After widespread plant closures this spring, manufacturers began bringing workers back in late May under new safety protocols, many scheduling overtime to make up for lost production.
But the restart efforts were slow-going at first, with suppliers also struggling to reopen and factories confronting high rates of worker absences.
It wasn’t until August that many U.S. factories were back to a normal level of production, but by then, demand had also bounced back faster than many had expected, depleting inventories and creating a bigger supply gap, executives and retailers say.
Auto makers, in particular, have been straining to keep up with demand for new vehicles as low interest rates, extra cash from stimulus checks and growing interest in owning a car have stoked sales.
Part of the problem is that auto makers continue to grapple with supply-chain shortages, particularly on items from Mexico, and aren’t always able to get parts needed for the features and configurations buyers want, analysts and executives say.

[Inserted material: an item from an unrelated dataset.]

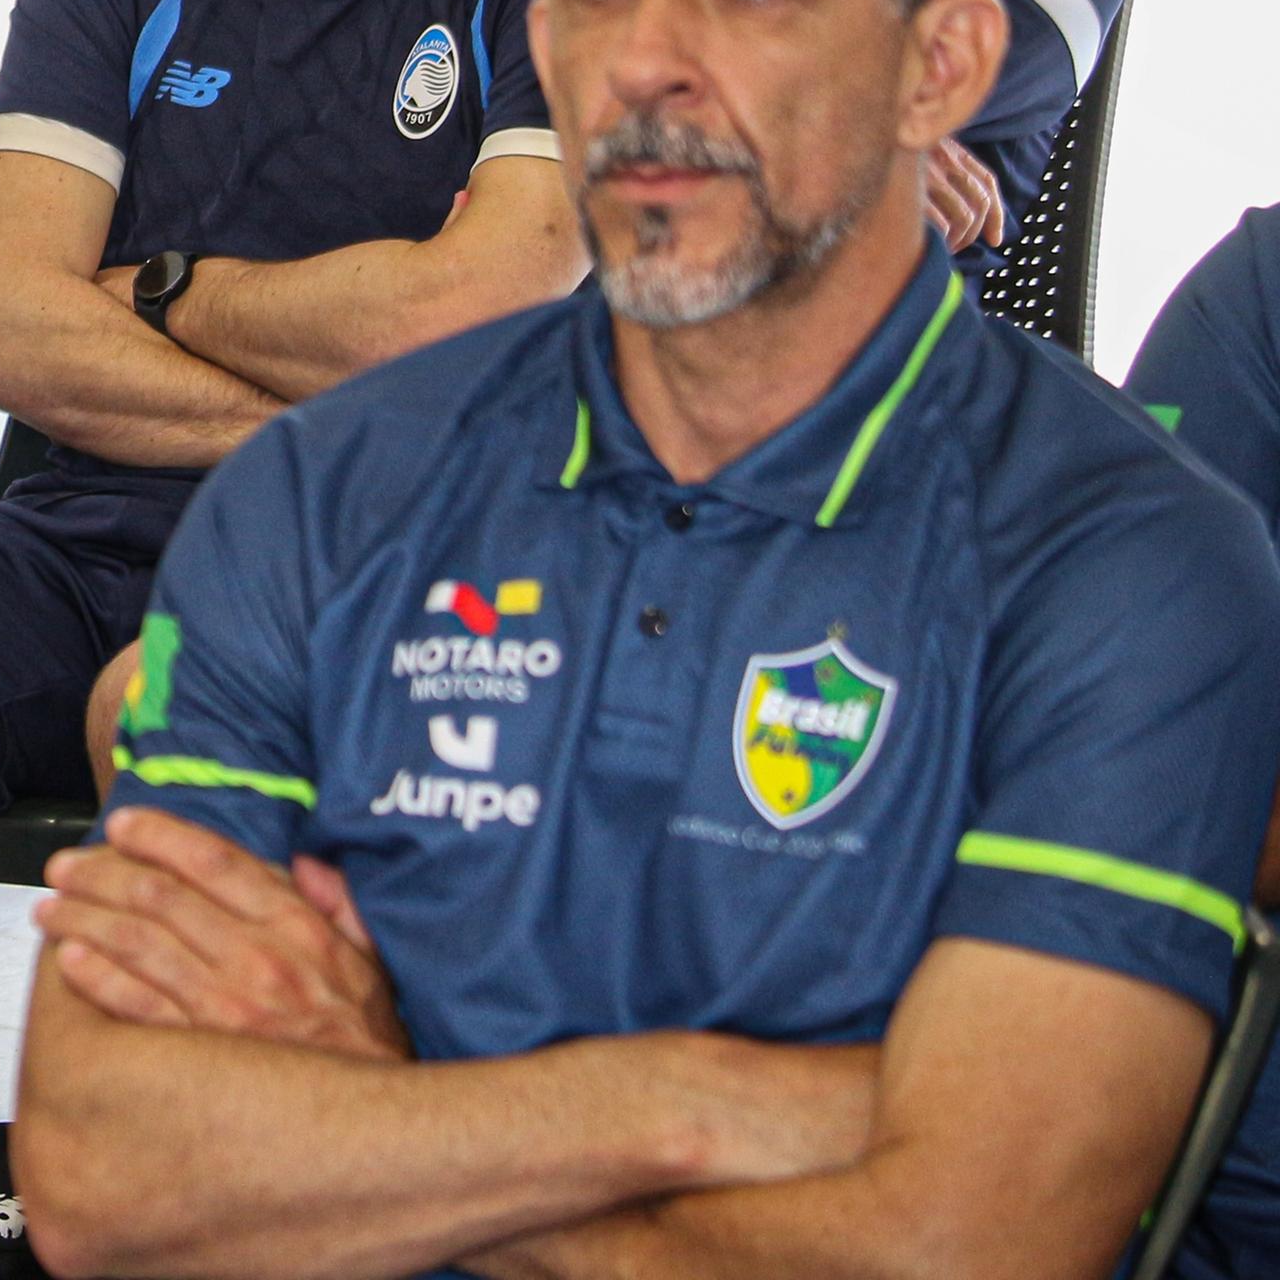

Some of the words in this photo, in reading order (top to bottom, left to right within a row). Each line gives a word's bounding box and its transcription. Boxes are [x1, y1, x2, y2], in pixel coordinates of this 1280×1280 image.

[405, 111, 433, 125] 1907
[392, 636, 562, 678] NOTARO
[410, 672, 530, 704] MOTORS

Some car companies were also lean on inventories heading into the pandemic, particularly on trucks and SUVs. The industry typically uses the summer to take down plants to retool for new models, further adding to the complications of ramping back up.
The company’s factories have made a near-full recovery and are rushing to fill dealer orders, but that effort must be balanced with new safety protocols that can at times slow work down, Mr. Reynolds said.
PPG Industries Inc., a major paint manufacturer, has experienced a surge in orders for one-gallon paint cans as consumers look to repaint chipping walls or change colors, Chief Executive Michael McGarry said.
Many homeowners are wary of letting painters into their homes, leading them to do it themselves. That’s meant PPG has had to switch lines to make smaller quantities.
The company and other paint manufacturers have struggled to find enough paint cans to make the shift.
“DIY demand is the strongest it’s ever been in the history of the U.S. right now,” said Mr. McGarry. “We are trying to make sure that shelves have paint on them.”
Many of Whirlpool’s U.S. factories rely on parts from Mexico and other countries where restart efforts have been moving slower and factory staffing is still a challenge, said Jim Peters, the company’s financial chief.
In response, Whirlpool has been signing contracts with new suppliers and expediting shipping—flying parts to factories that would have otherwise been delivered by truck, he said
The company said it now has about a two-month backlog of orders, significantly longer than it had before.
Homeowners Renae and Brian Bellew are among those still waiting for their new appliances. The Bellews bought a new home this past summer in Denver, and eager for a kitchen upgrade, sold their existing refrigerator, stove and dishwasher, planning to replace them immediately.
The couple’s excitement for more modern appliances quickly turned to surprise when their retailer told them they wouldn’t get the new ones for months. They say they now are cooking on a hot plate and using a loaner washing machine.
“That was a shock. I just had no idea,” Ms. Bellew said. “Now, we don’t have appliances and won’t for a while.
—Ben Foldy contributed to this article.